BEGIN Data

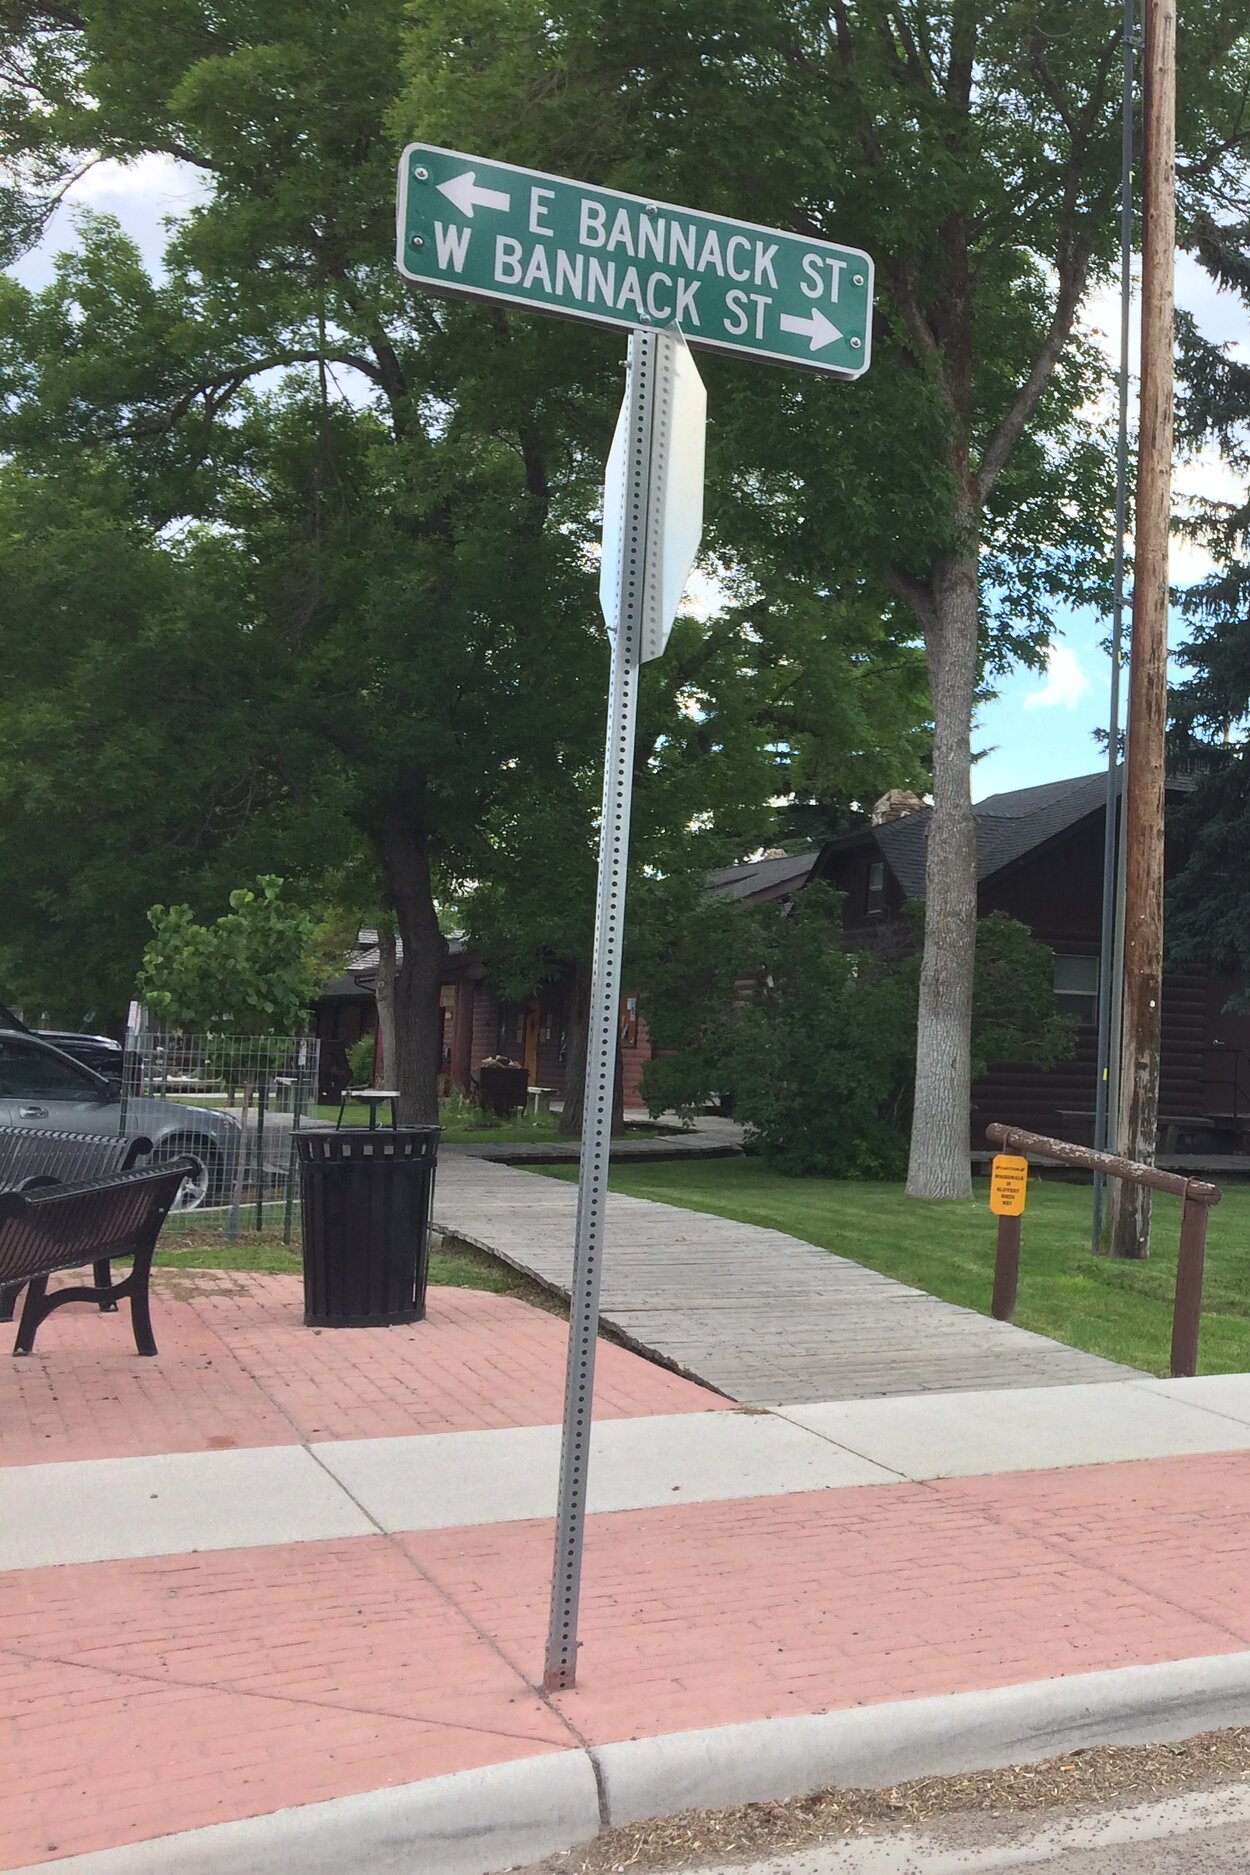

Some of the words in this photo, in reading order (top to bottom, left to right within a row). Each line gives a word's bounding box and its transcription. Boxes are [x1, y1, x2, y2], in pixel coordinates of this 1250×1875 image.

[434, 221, 472, 273] W
[494, 235, 701, 326] BANNACK
[723, 289, 773, 340] ST
[529, 186, 555, 237] E
[579, 198, 779, 290] BANNACK
[800, 253, 847, 303] ST
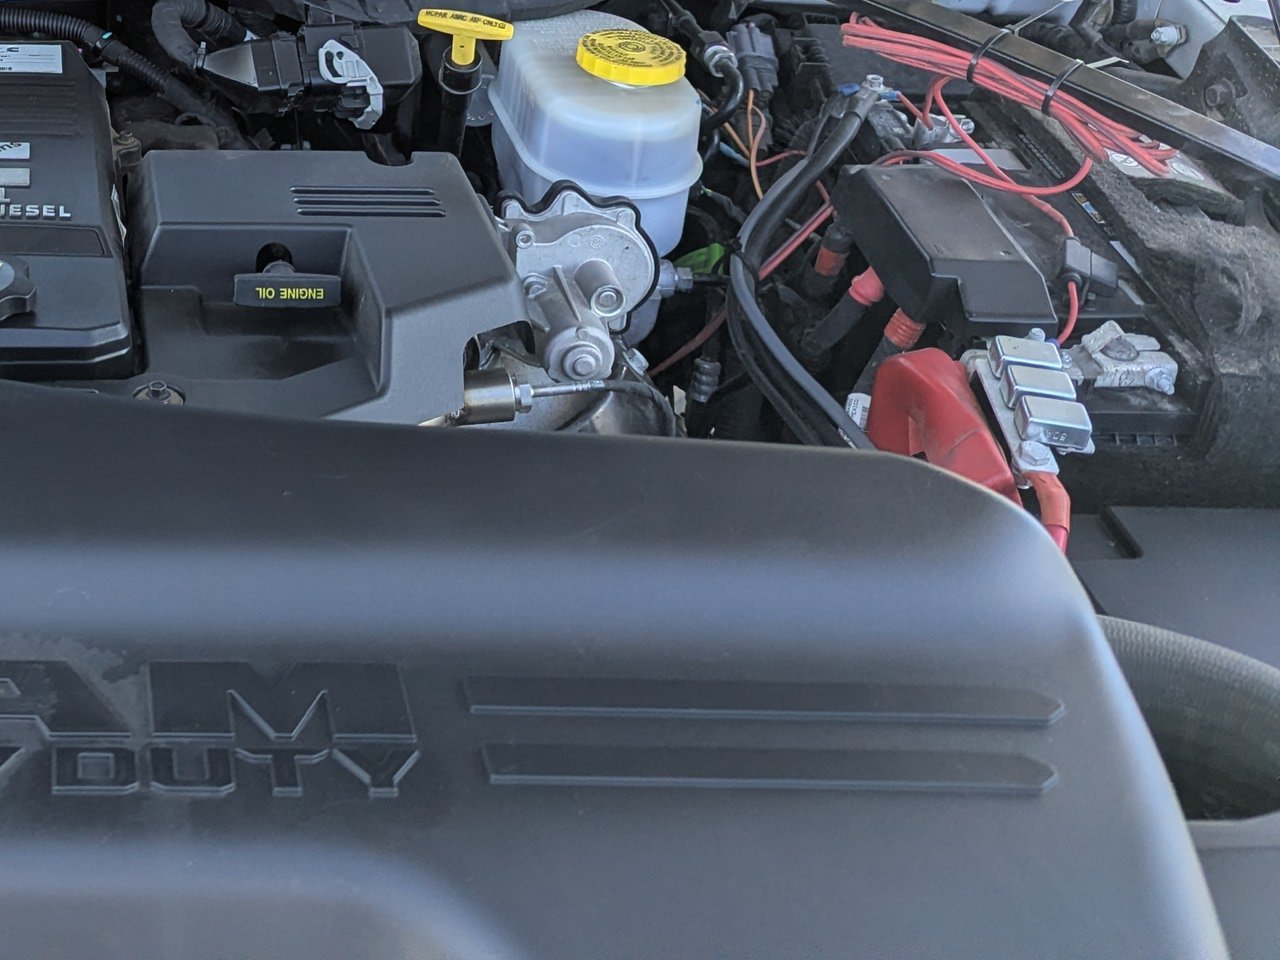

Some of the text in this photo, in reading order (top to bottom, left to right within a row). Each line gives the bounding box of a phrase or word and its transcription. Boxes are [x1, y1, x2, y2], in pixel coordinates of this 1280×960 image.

[255, 287, 324, 300] ENGINE OIL
[51, 744, 421, 798] DUTY
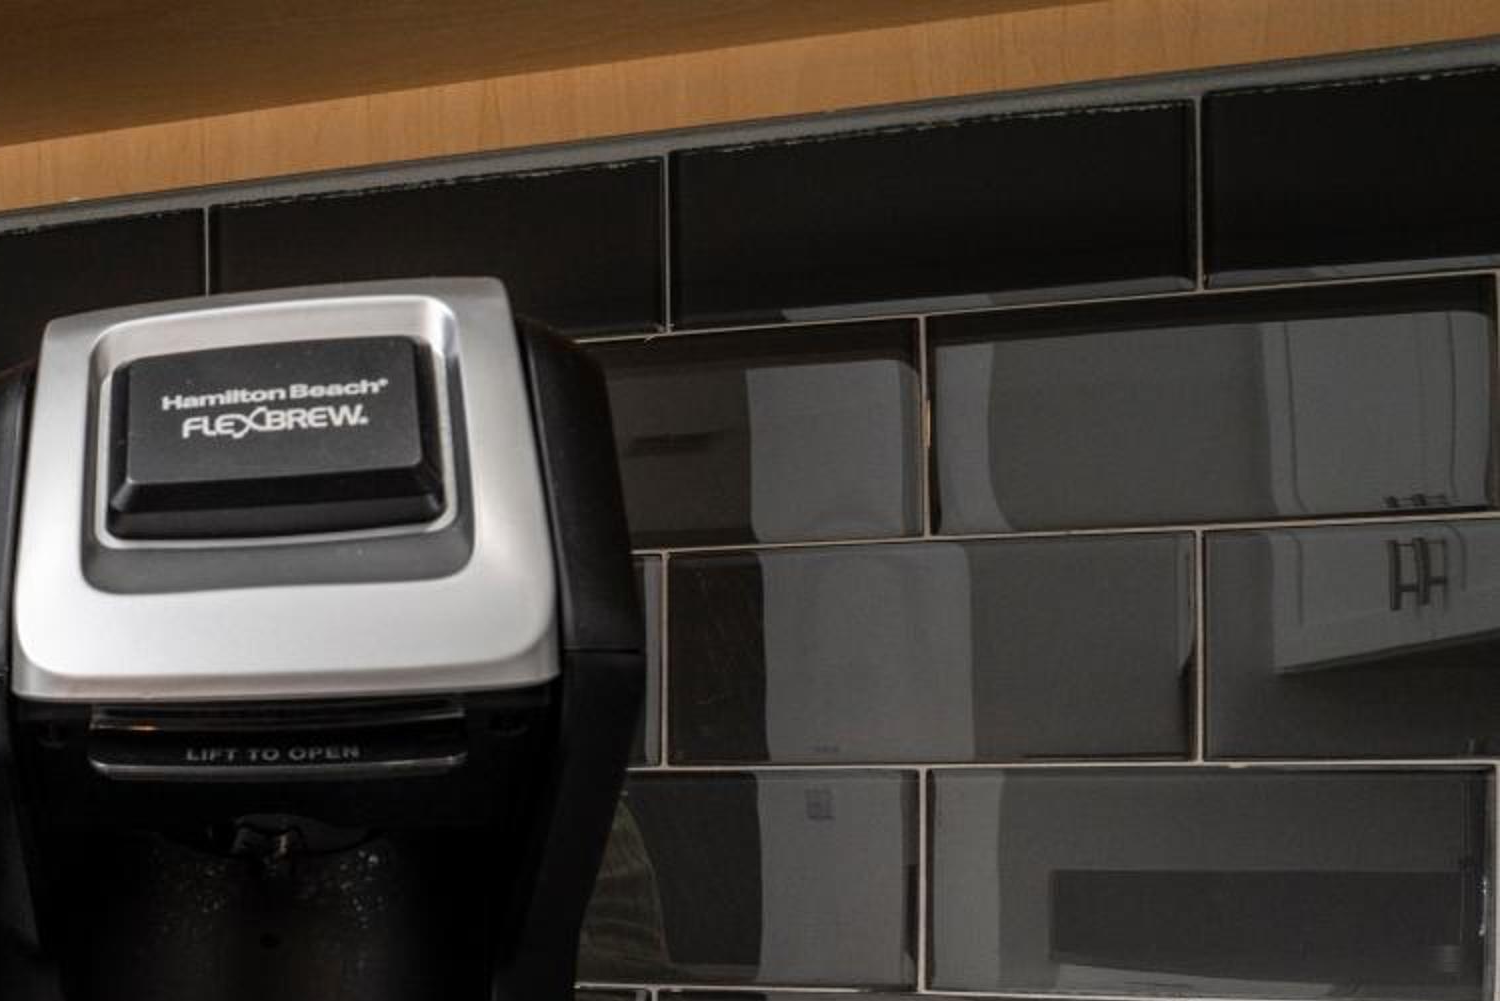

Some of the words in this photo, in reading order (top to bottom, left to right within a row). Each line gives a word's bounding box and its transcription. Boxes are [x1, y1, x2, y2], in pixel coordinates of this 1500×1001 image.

[161, 387, 287, 411] Hamilton
[185, 747, 238, 761] LIFT
[249, 747, 281, 761] TO
[287, 745, 361, 761] OPEN

END Data

### Problem to work on:
Every line of the data above should be quoted exactly. Omit the pictures.

### Solution for this task:
Some of the words in this photo, in reading order (top to bottom, left to right within a row). Each line gives a word's bounding box and its transcription. Boxes are [x1, y1, x2, y2], in pixel coordinates of this 1250×1875 image.

[434, 221, 472, 273] W
[494, 235, 701, 326] BANNACK
[723, 289, 773, 340] ST
[529, 186, 555, 237] E
[579, 198, 779, 290] BANNACK
[800, 253, 847, 303] ST

Some of the text in this photo, in reading order (top to bottom, left to right within a row). Each line gives the bounding box of a phrase or word and its transcription. Boxes are [x1, y1, x2, y2], in pixel coordinates of this 1280×960 image.

[255, 287, 324, 300] ENGINE OIL
[51, 744, 421, 798] DUTY

Some of the words in this photo, in reading order (top to bottom, left to right within a row). Each line gives a word's bounding box and its transcription. Boxes are [x1, y1, x2, y2], in pixel coordinates of this 1500×1001 image.

[161, 387, 287, 411] Hamilton
[185, 747, 238, 761] LIFT
[249, 747, 281, 761] TO
[287, 745, 361, 761] OPEN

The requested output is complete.